MATERIAL SUPPLIED ::
=== Section Start ===

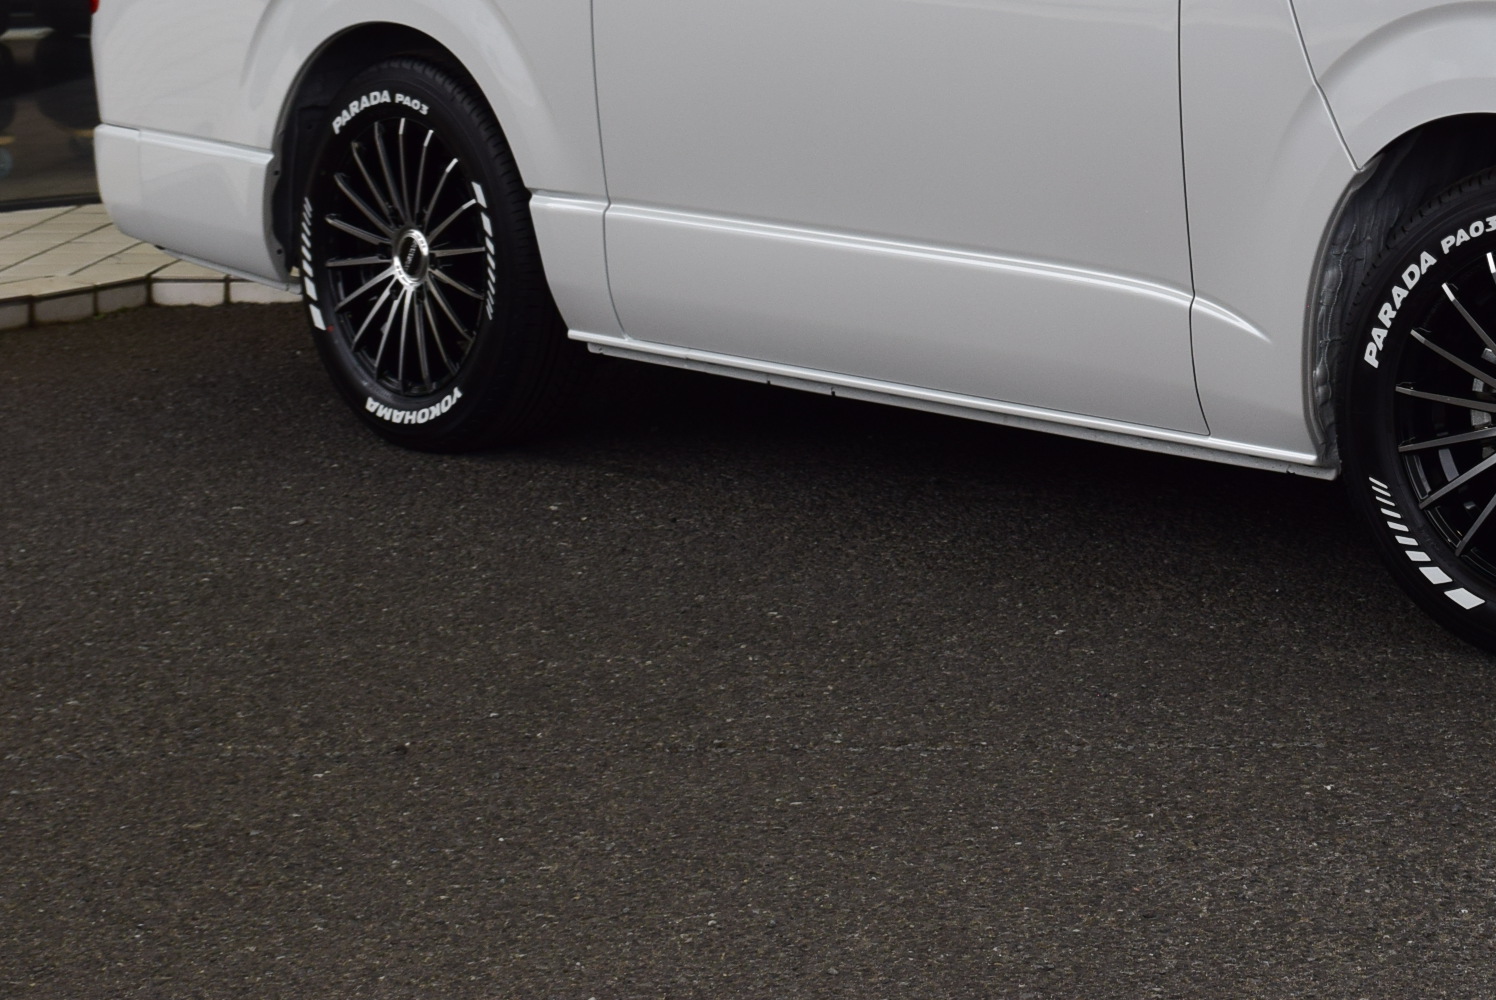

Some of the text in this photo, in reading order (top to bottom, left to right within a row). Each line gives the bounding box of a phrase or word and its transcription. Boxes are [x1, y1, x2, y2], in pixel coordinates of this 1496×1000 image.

[332, 89, 430, 135] PARADA PA03
[1364, 251, 1438, 368] PARADA
[365, 387, 463, 424] YOKOHAMA
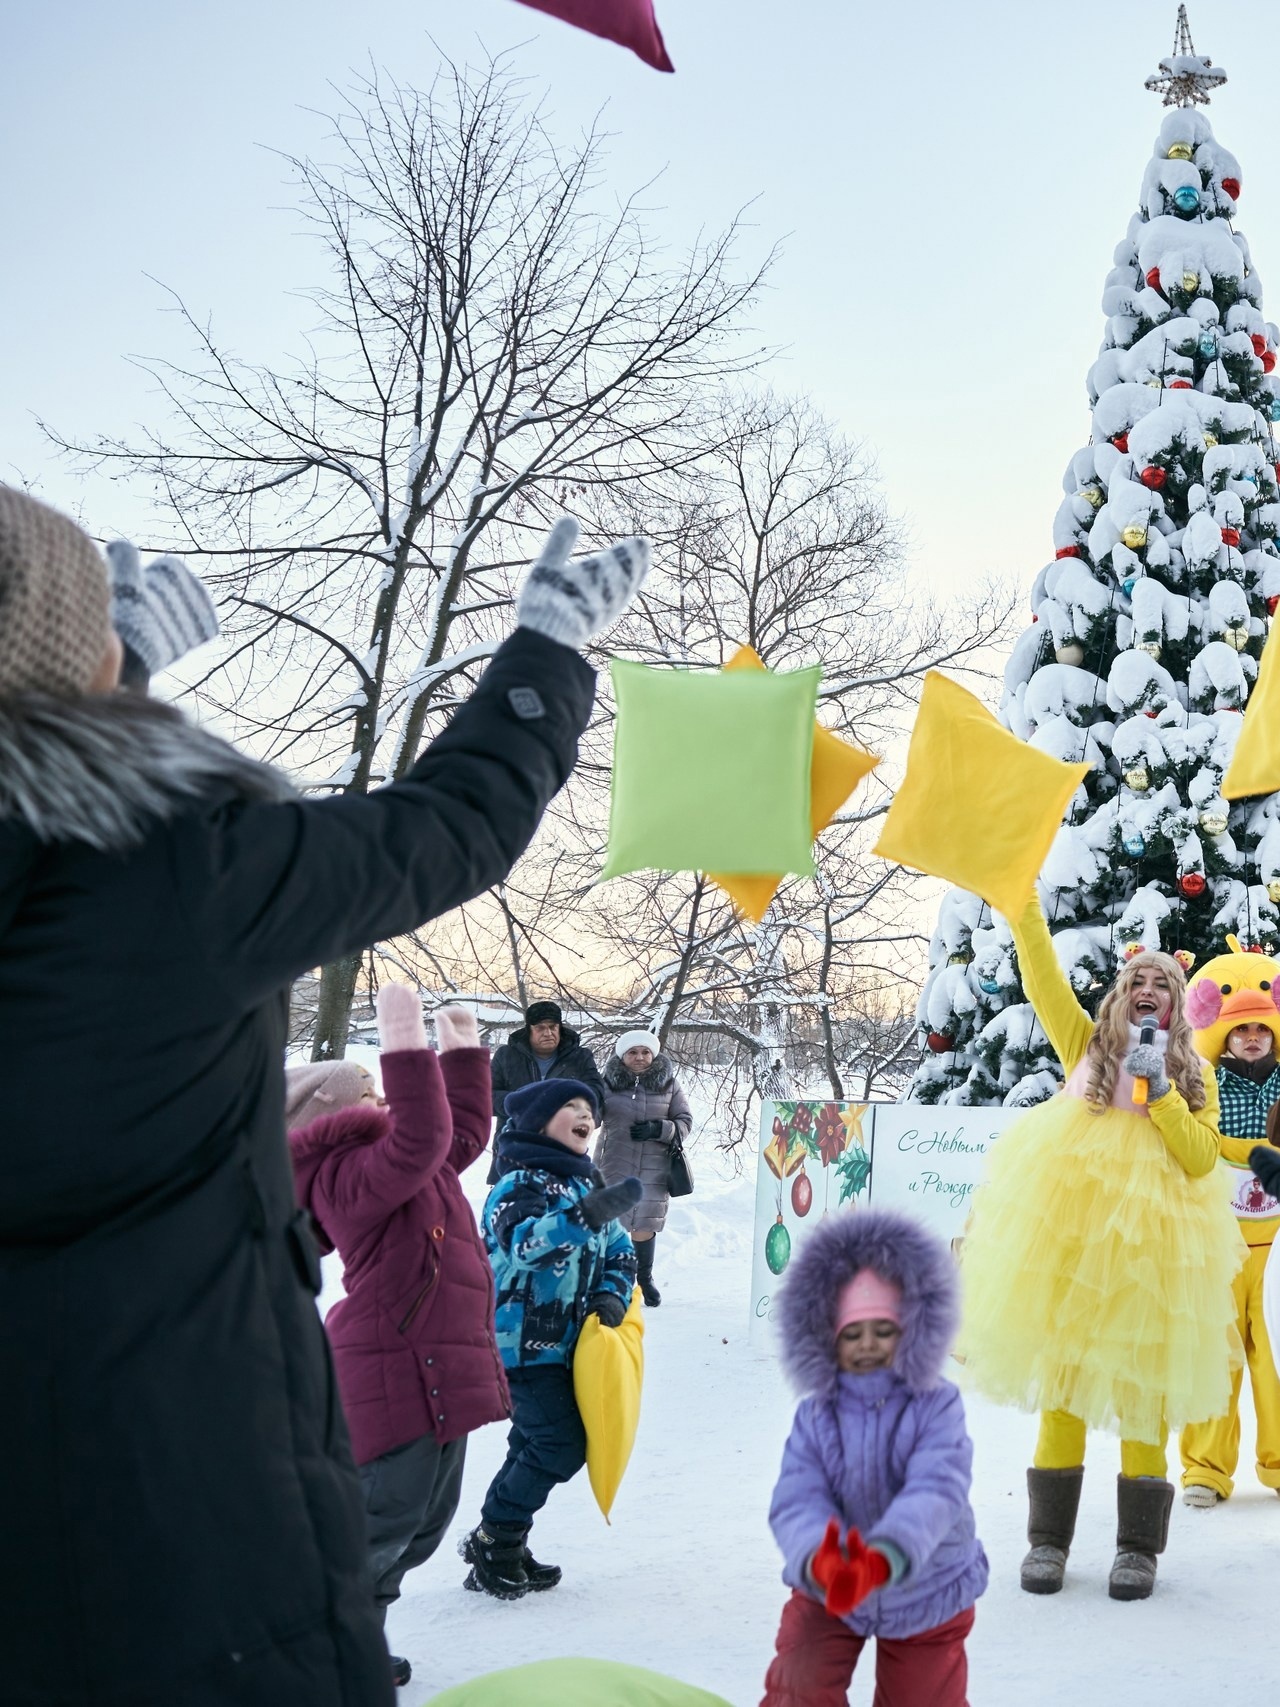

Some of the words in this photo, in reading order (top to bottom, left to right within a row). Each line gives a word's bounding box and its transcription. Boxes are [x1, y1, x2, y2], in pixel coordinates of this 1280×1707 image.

[897, 1129, 919, 1152] С
[917, 1126, 987, 1155] Новым
[908, 1181, 920, 1192] и
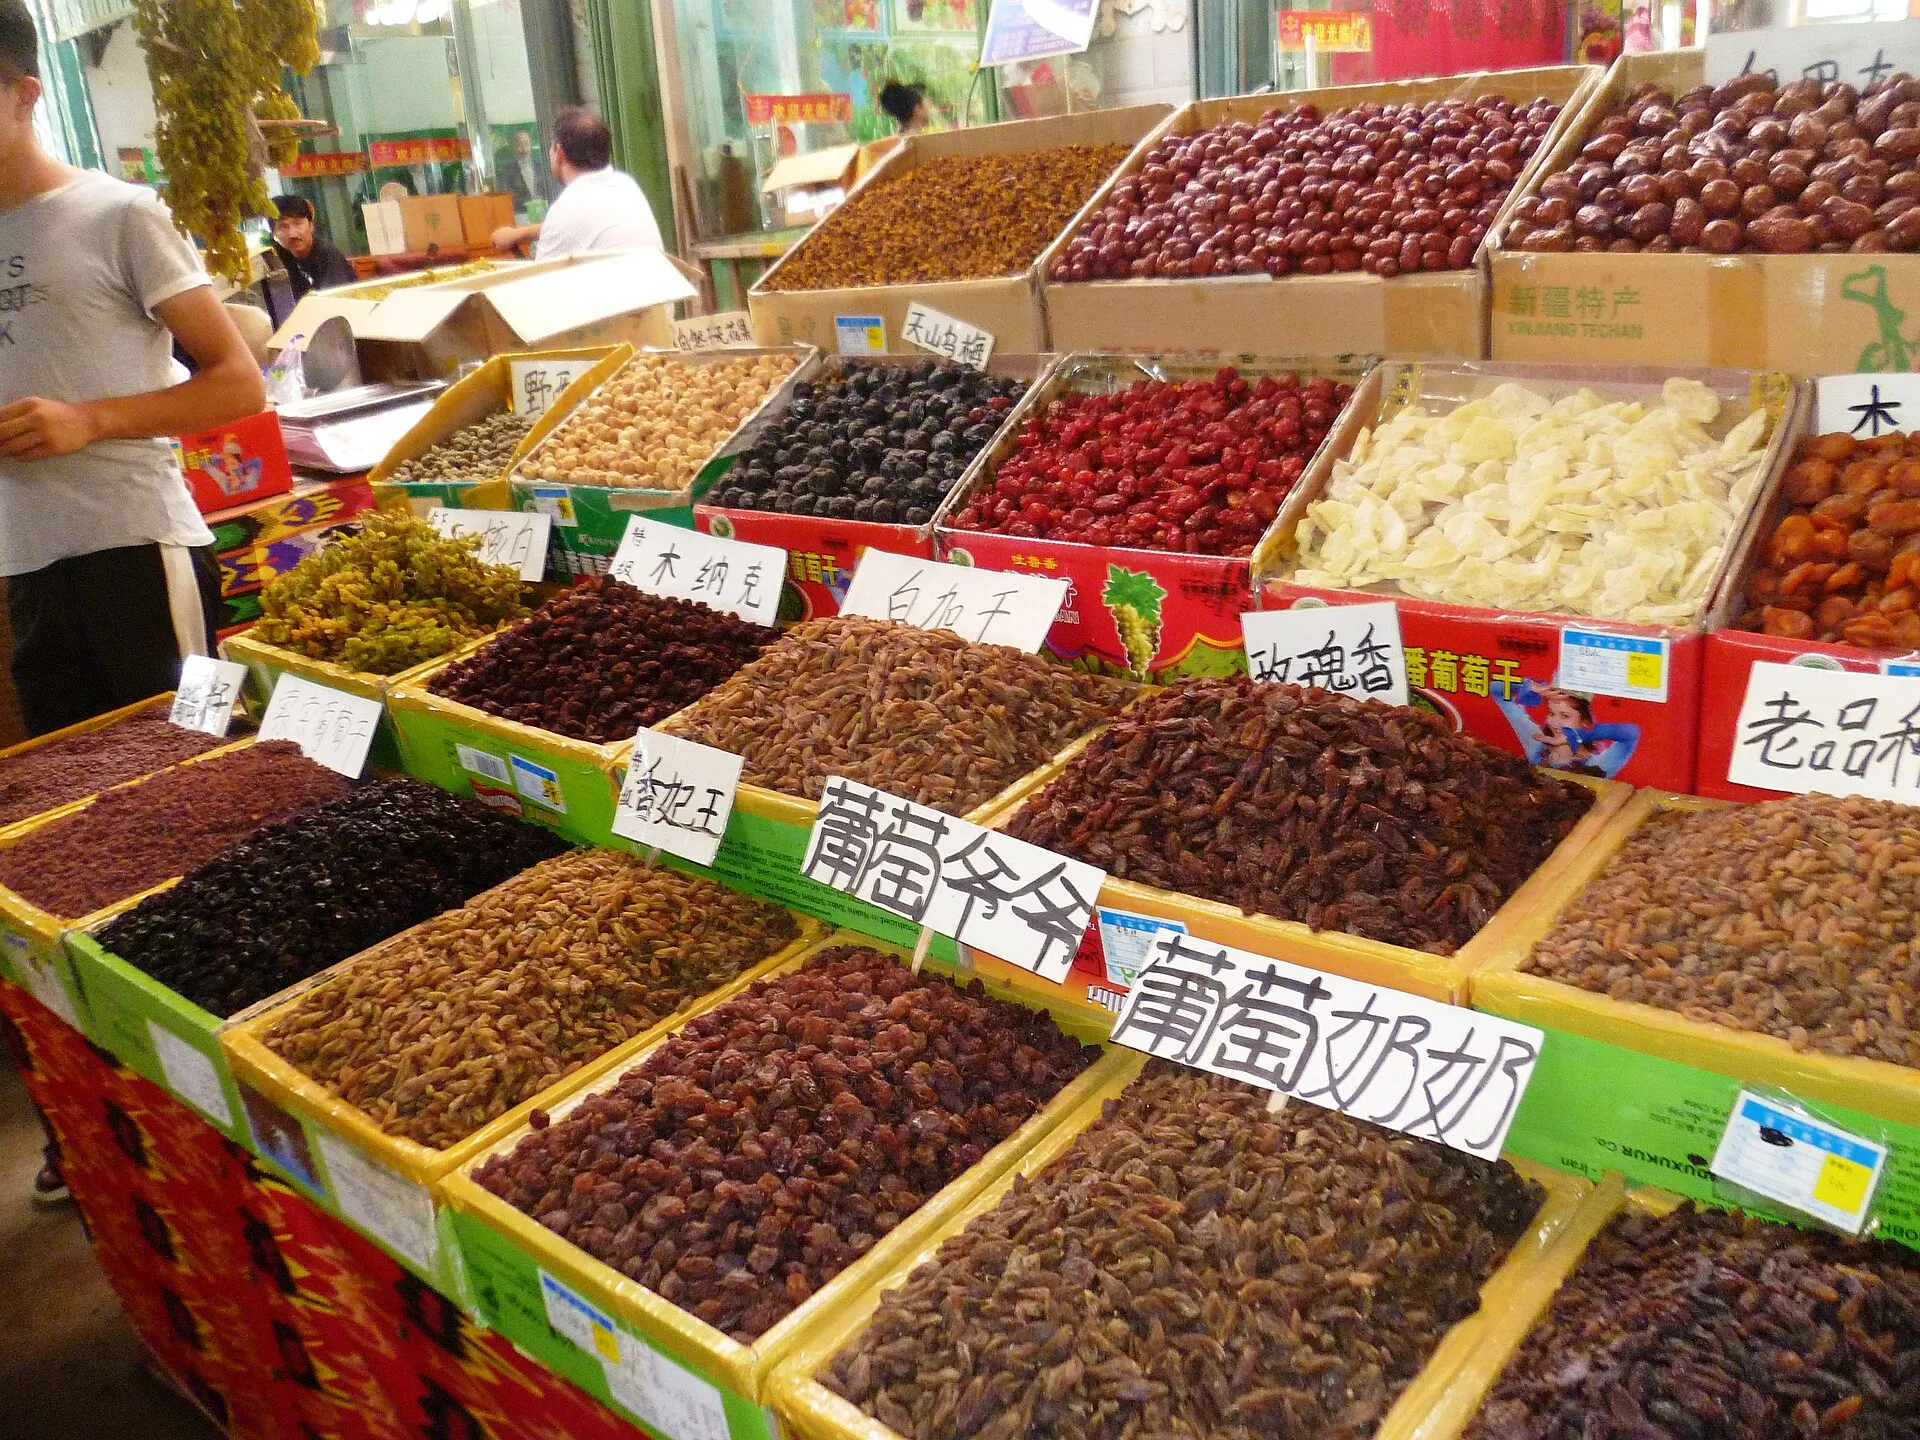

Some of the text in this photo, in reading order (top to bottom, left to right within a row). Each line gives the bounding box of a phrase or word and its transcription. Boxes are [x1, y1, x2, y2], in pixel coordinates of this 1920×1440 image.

[1301, 21, 1350, 45] 欢迎光临
[772, 101, 829, 120] 欢迎光临
[1507, 321, 1643, 339] XINJIANG TECHAN
[1510, 284, 1642, 321] 新疆特产
[905, 311, 987, 364] 天山乌梅
[648, 542, 764, 609] 木纳克
[1010, 554, 1059, 571] 吐鲁番
[888, 569, 1020, 644] 白加干
[1250, 621, 1395, 694] 玫瑰香
[1404, 646, 1524, 701] 番葡萄干
[636, 755, 724, 839] 香妃王
[805, 780, 1093, 972] 葡萄爷爷
[1111, 935, 1538, 1151] 葡萄奶奶
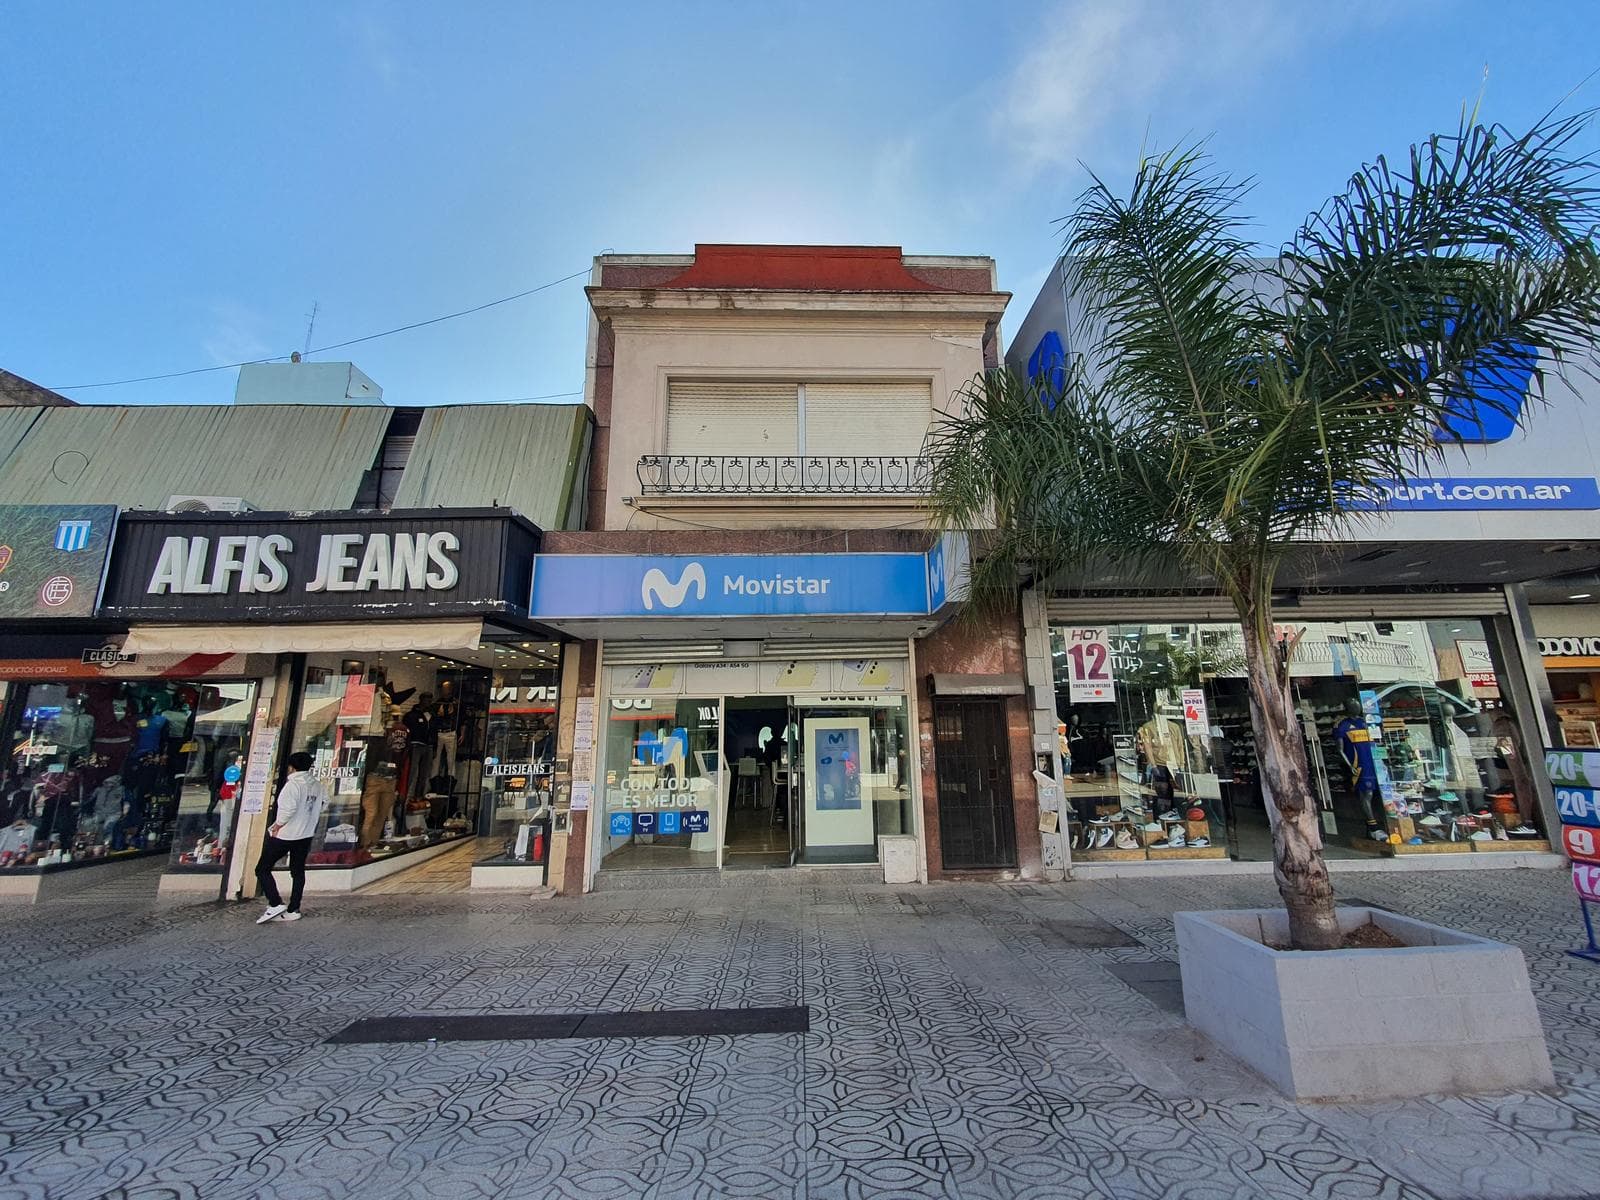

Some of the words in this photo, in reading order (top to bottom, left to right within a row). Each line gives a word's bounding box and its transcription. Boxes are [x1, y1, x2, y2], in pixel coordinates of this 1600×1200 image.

=== Section End ===

WHAT IS REQUIRED :: Everything in the entries except the images must be copied exactly.

ANSWER SECTION ::
Some of the text in this photo, in reading order (top to bottom, left to right within a row). Each line gives the bounding box of a phrase or word and its transcription. Boxes are [x1, y1, x2, y2], in pixel coordinates of this 1496×1000 image.

[332, 89, 430, 135] PARADA PA03
[1364, 251, 1438, 368] PARADA
[365, 387, 463, 424] YOKOHAMA

Some of the words in this photo, in reading order (top to bottom, left to right within a row). Each line gives a word's bounding box and its transcription. Boxes are [x1, y1, x2, y2], in pixel coordinates of this 1280×1707 image.

[897, 1129, 919, 1152] С
[917, 1126, 987, 1155] Новым
[908, 1181, 920, 1192] и

Some of the text in this photo, in reading order (top to bottom, left to right within a row). Each line gives the bounding box of a phrase or word and its transcription. Boxes are [x1, y1, x2, y2], in pixel coordinates of this 1920×1440 image.

[1301, 21, 1350, 45] 欢迎光临
[772, 101, 829, 120] 欢迎光临
[1507, 321, 1643, 339] XINJIANG TECHAN
[1510, 284, 1642, 321] 新疆特产
[905, 311, 987, 364] 天山乌梅
[648, 542, 764, 609] 木纳克
[1010, 554, 1059, 571] 吐鲁番
[888, 569, 1020, 644] 白加干
[1250, 621, 1395, 694] 玫瑰香
[1404, 646, 1524, 701] 番葡萄干
[636, 755, 724, 839] 香妃王
[805, 780, 1093, 972] 葡萄爷爷
[1111, 935, 1538, 1151] 葡萄奶奶

Some of the words in this photo, in reading order (top to bottom, left to right within a row). Each line gives a word's bounding box and its transcription. Boxes are [x1, y1, x2, y2], in pixel coordinates of this 1600×1200 image.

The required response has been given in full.